7. Disregard for Non-Traditional Career Paths

Risk:

AI-driven hiring systems typically disproportionately favor candidates with linear and traditional career paths. This practice potentially overlooks individuals with unconventional career progressions who can bring fresh perspectives, insights and skills to the organization.

Solution:

  • Train AI systems to recognize and value non-traditional career and educational paths by including diverse training data and expanding the algorithmic parameters for screening candidate credentials.
  • Emphasize evidence-based candidate evaluation criteria that considers a variety of experiences and transferable skills.

 

Summary

AI in hiring promises productivity and savings but contains significant hidden risks. Over-relying on data and algorithmic decision-making minimize human insights, introduces algorithmic biases and make the candidate’s application experience impersonal.

AI also raises privacy concerns and employee worries about job security.

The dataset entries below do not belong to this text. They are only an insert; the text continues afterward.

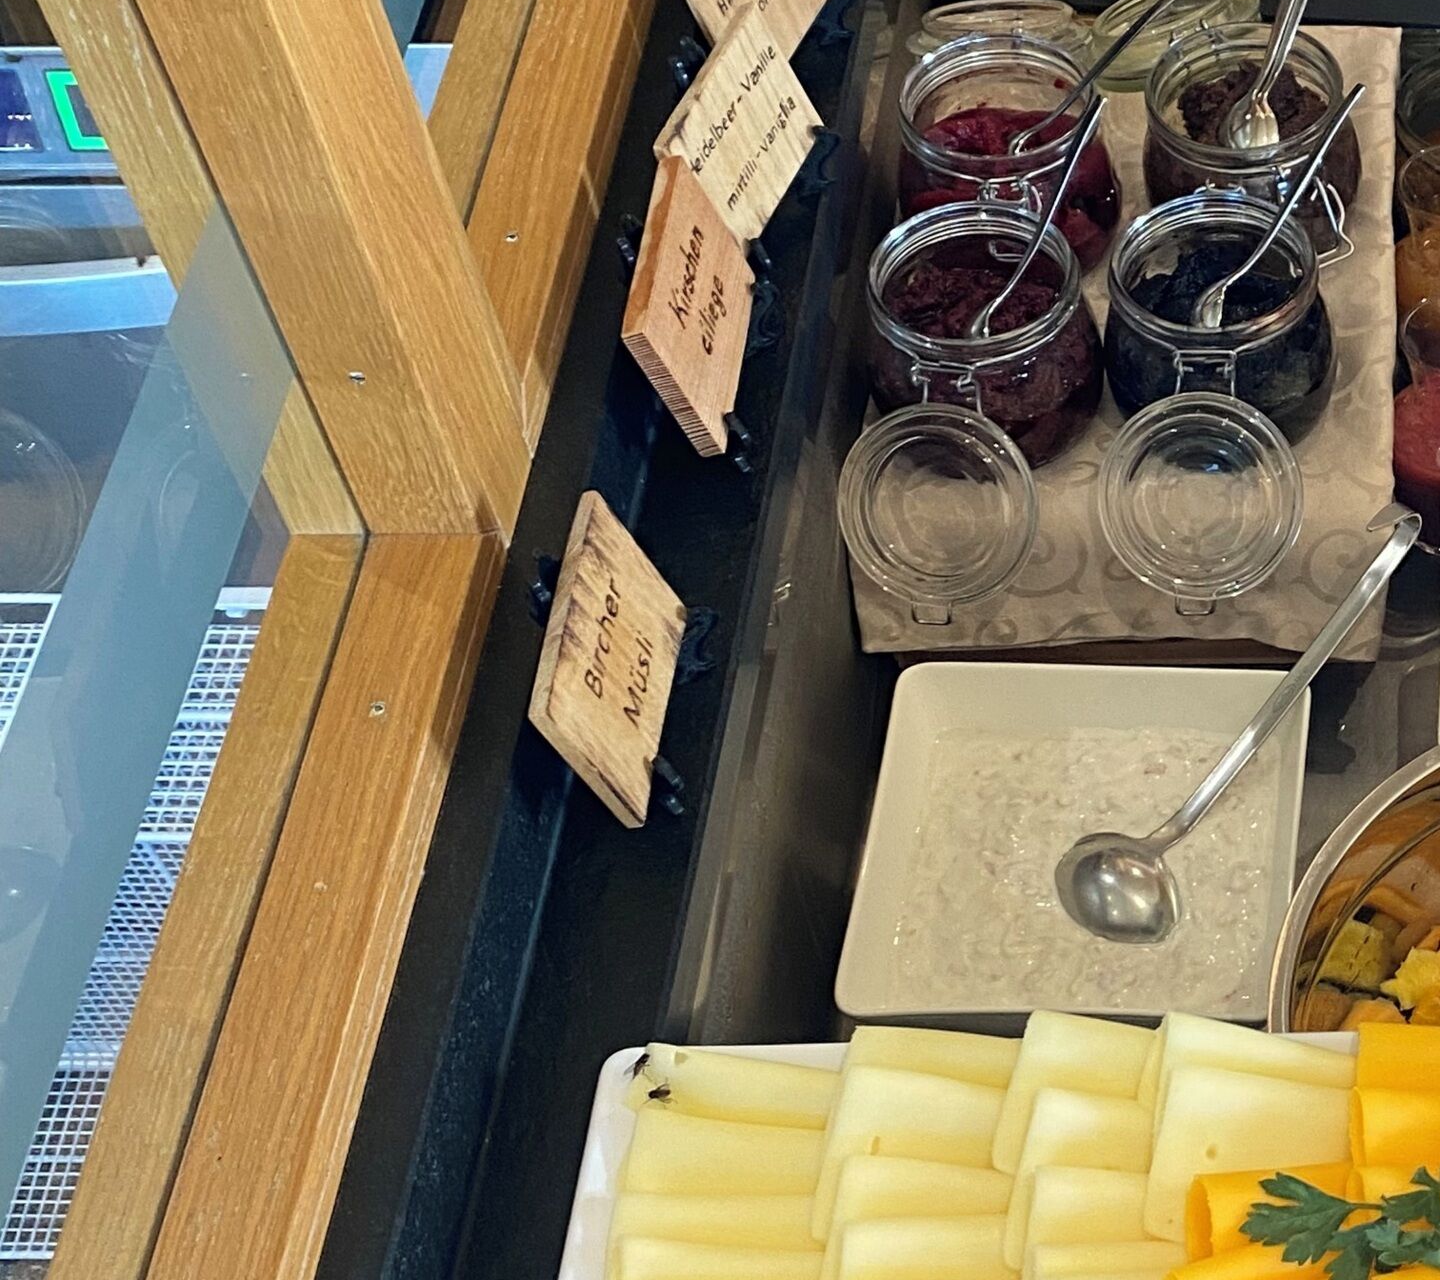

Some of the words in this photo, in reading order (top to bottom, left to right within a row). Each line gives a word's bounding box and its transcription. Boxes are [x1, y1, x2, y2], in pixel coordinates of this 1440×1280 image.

[740, 45, 776, 93] Vanille
[668, 224, 704, 330] Kirschen
[699, 274, 727, 356] ciliege
[584, 577, 621, 700] Bircher
[623, 629, 653, 730] Müsli

Solving for these risks requires:

  • Balancing AI with human judgment and personal communications,
  • Periodically auditing AI systems and hiring processes for biases,
  • Embedding person-to-person communications at key hiring process milestones
  • Working with cybersecurity teams to ensuring robust data security

Effectively using AI in hiring is about integrating AI at specific steps of hiring processes, in a manner that enhances human intelligence and retains the humanity of the hiring experience.